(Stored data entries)
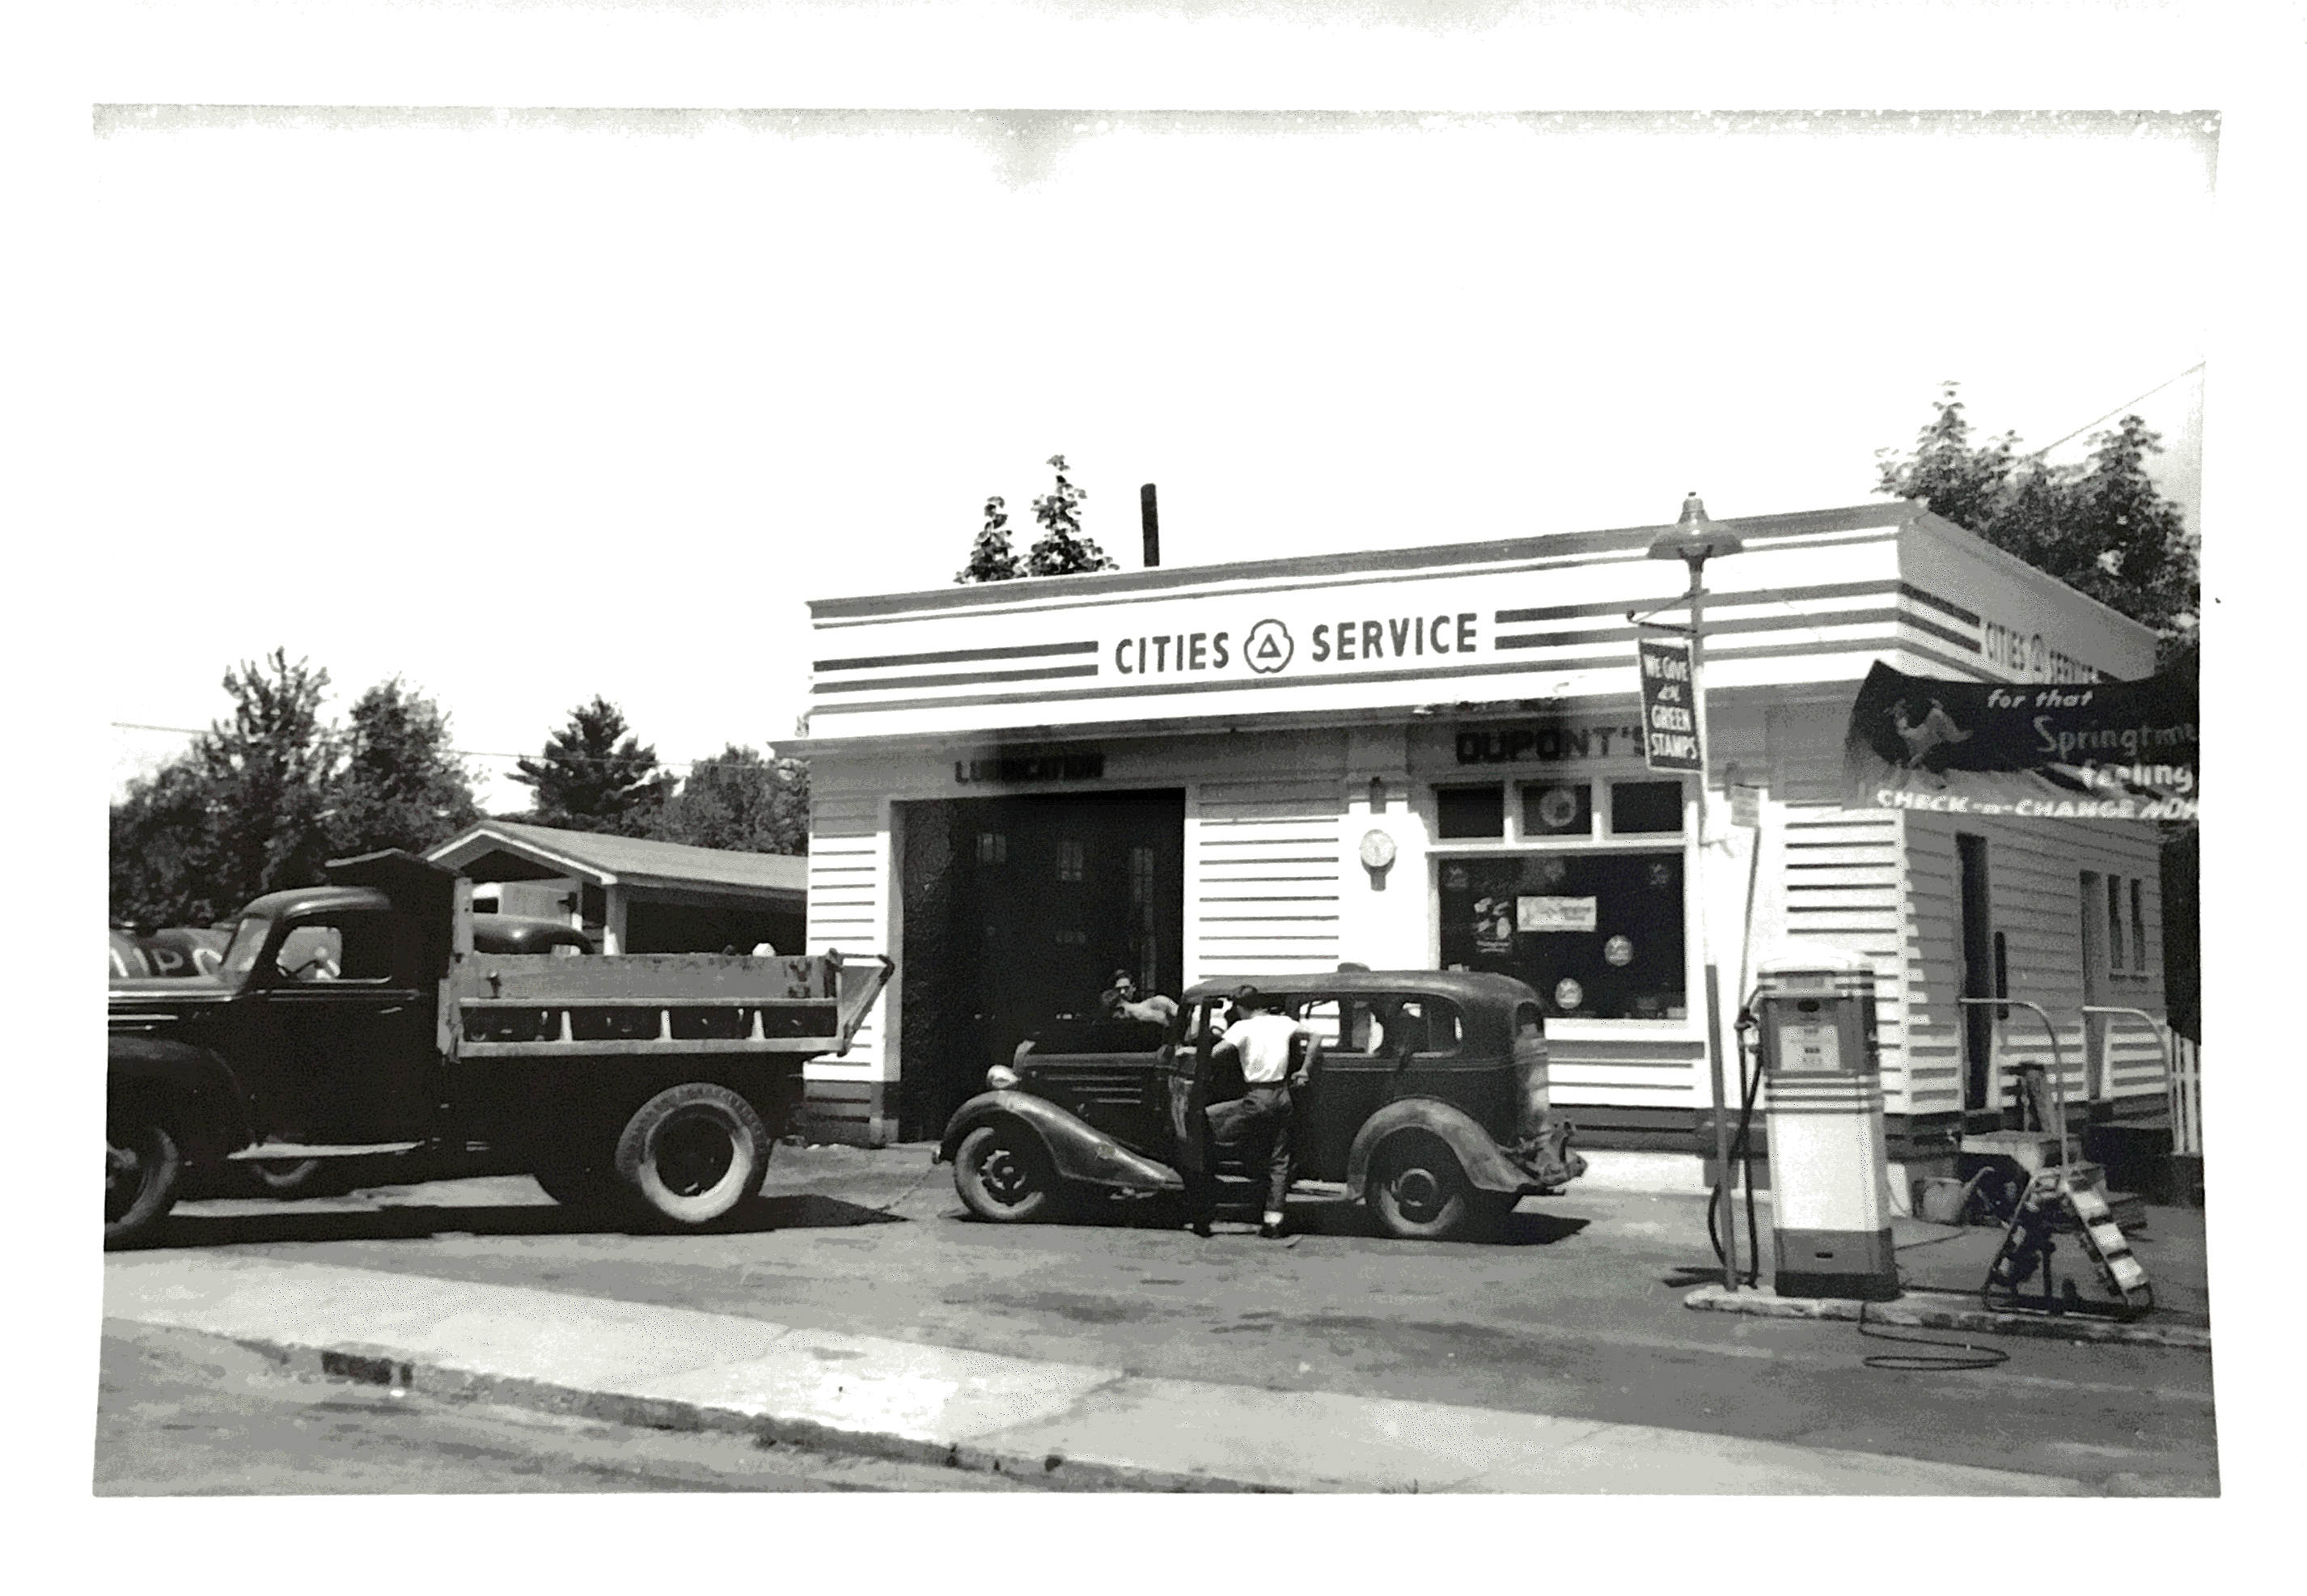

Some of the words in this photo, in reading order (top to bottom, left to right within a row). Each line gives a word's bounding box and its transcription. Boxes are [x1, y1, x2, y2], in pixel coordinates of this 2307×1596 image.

[1115, 632, 1229, 674] CITIES
[1312, 612, 1477, 662] SERVICE
[1987, 688, 2026, 709] for
[2035, 689, 2093, 708] that
[1652, 705, 1691, 731] GREEN
[1652, 732, 1697, 760] STAMPS
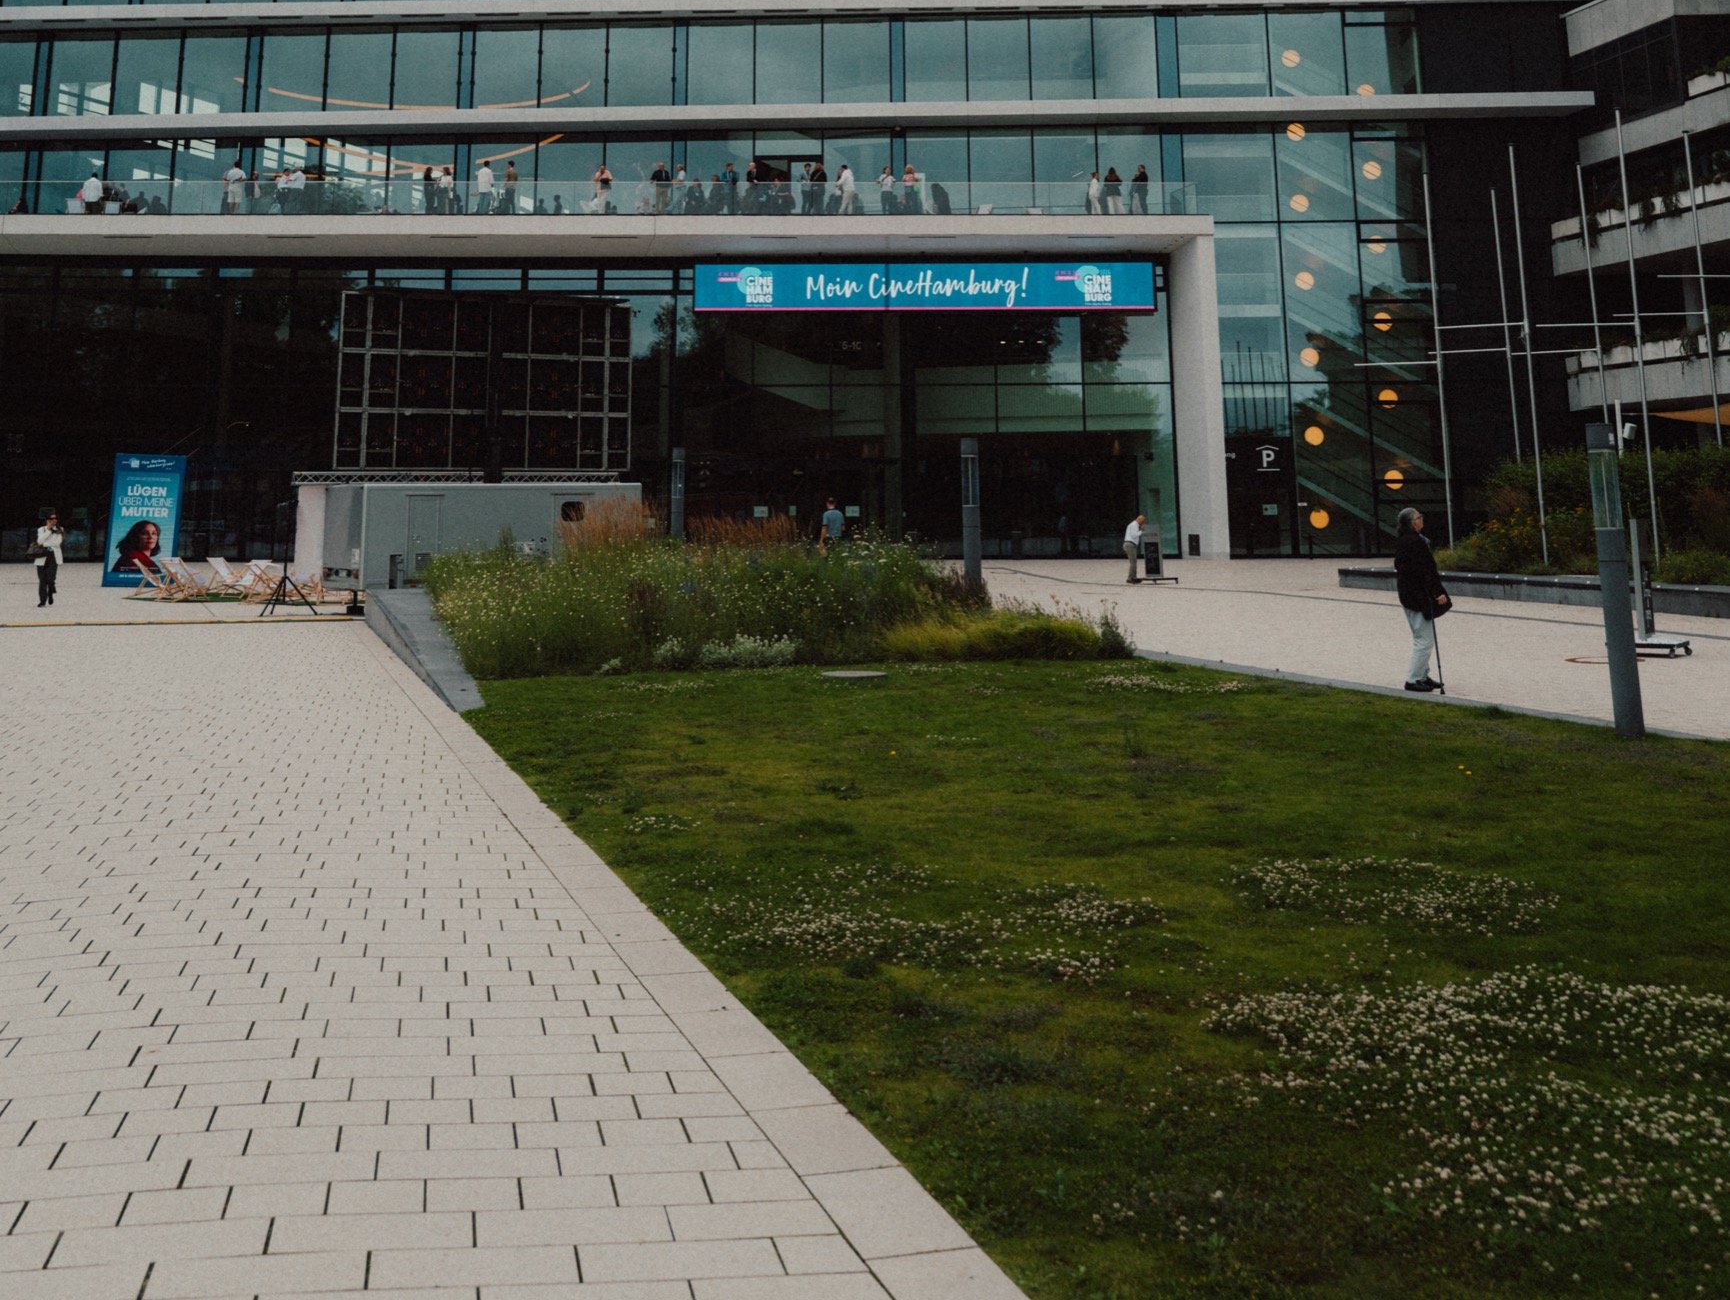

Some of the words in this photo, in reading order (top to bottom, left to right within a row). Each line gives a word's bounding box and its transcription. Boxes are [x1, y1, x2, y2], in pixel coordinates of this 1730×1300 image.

[746, 276, 773, 286] CINE
[1084, 275, 1111, 285] CINE
[746, 286, 773, 295] HAM
[806, 274, 863, 300] Moin
[868, 267, 1029, 307] CineHamburg!
[1084, 284, 1111, 293] HAM
[746, 294, 773, 304] BURG
[1084, 293, 1112, 302] BURG
[1262, 450, 1275, 468] P
[127, 484, 167, 497] LÜGEN
[118, 495, 142, 506] ÜBER
[144, 497, 173, 507] MEINE
[121, 507, 169, 517] MUTTER
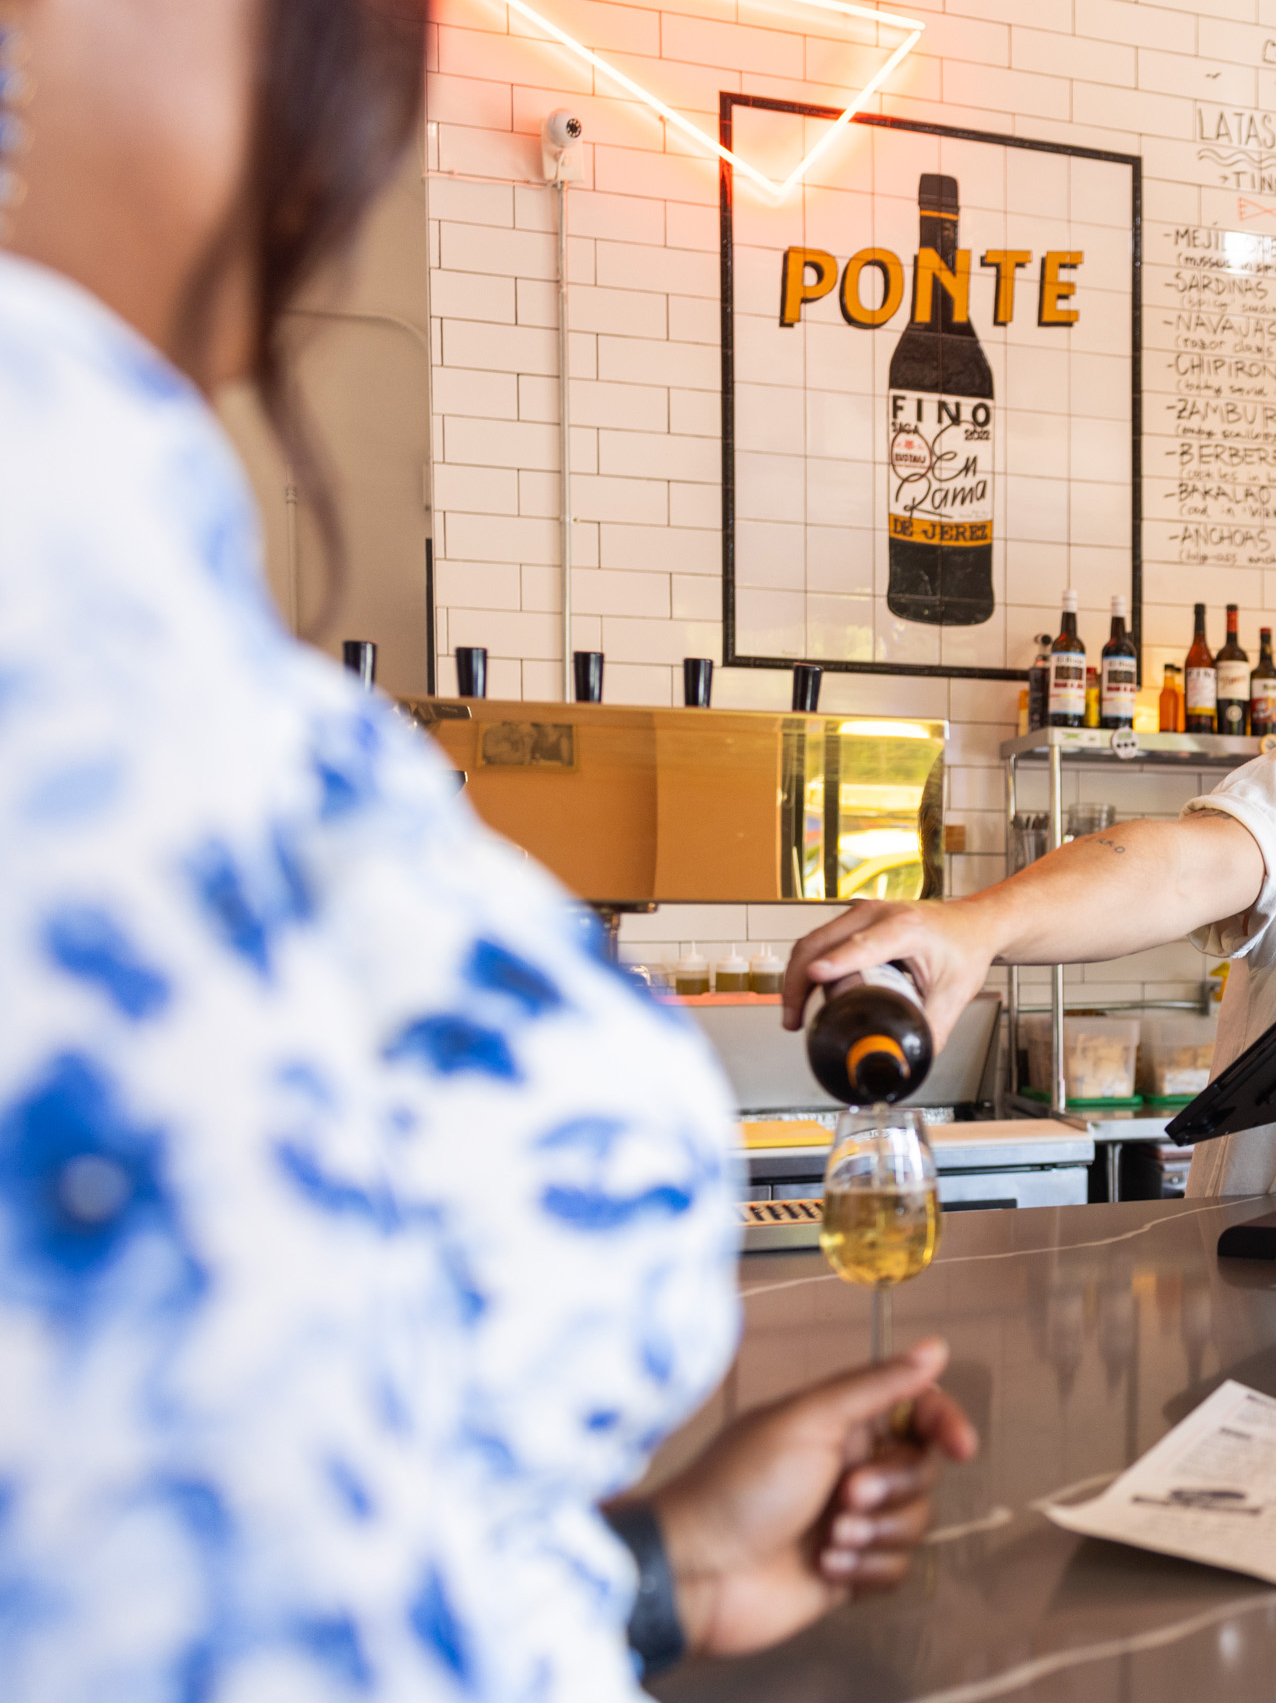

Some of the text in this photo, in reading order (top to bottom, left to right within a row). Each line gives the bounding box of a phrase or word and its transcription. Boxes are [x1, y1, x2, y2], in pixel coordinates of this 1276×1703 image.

[1198, 107, 1276, 149] LATAS
[779, 245, 1084, 328] PONTE
[892, 395, 990, 427] FINO
[895, 473, 987, 519] Rama
[893, 517, 988, 542] DE JEREZ

#### WHAT IS NEEDED
Where a picture appears, skip it and copy the rest of the data word for word.

#### WRITTEN RESPONSE
Some of the words in this photo, in reading order (top to bottom, left to right within a row). Each line gives a word's bounding box and its transcription. Boxes are [x1, y1, x2, y2], in pixel coordinates of this 2307×1596 image.

[1115, 632, 1229, 674] CITIES
[1312, 612, 1477, 662] SERVICE
[1987, 688, 2026, 709] for
[2035, 689, 2093, 708] that
[1652, 705, 1691, 731] GREEN
[1652, 732, 1697, 760] STAMPS

Some of the words in this photo, in reading order (top to bottom, left to right within a row). Each line gives a word's bounding box and its transcription. Boxes are [x1, y1, x2, y2], in pixel coordinates of this 1730×1300 image.

[746, 276, 773, 286] CINE
[1084, 275, 1111, 285] CINE
[746, 286, 773, 295] HAM
[806, 274, 863, 300] Moin
[868, 267, 1029, 307] CineHamburg!
[1084, 284, 1111, 293] HAM
[746, 294, 773, 304] BURG
[1084, 293, 1112, 302] BURG
[1262, 450, 1275, 468] P
[127, 484, 167, 497] LÜGEN
[118, 495, 142, 506] ÜBER
[144, 497, 173, 507] MEINE
[121, 507, 169, 517] MUTTER

Some of the text in this photo, in reading order (top to bottom, left to right within a row). Each line gives the bounding box of a phrase or word and its transcription. Boxes are [x1, y1, x2, y2], in pixel coordinates of this 1276×1703 image.

[1198, 107, 1276, 149] LATAS
[779, 245, 1084, 328] PONTE
[892, 395, 990, 427] FINO
[895, 473, 987, 519] Rama
[893, 517, 988, 542] DE JEREZ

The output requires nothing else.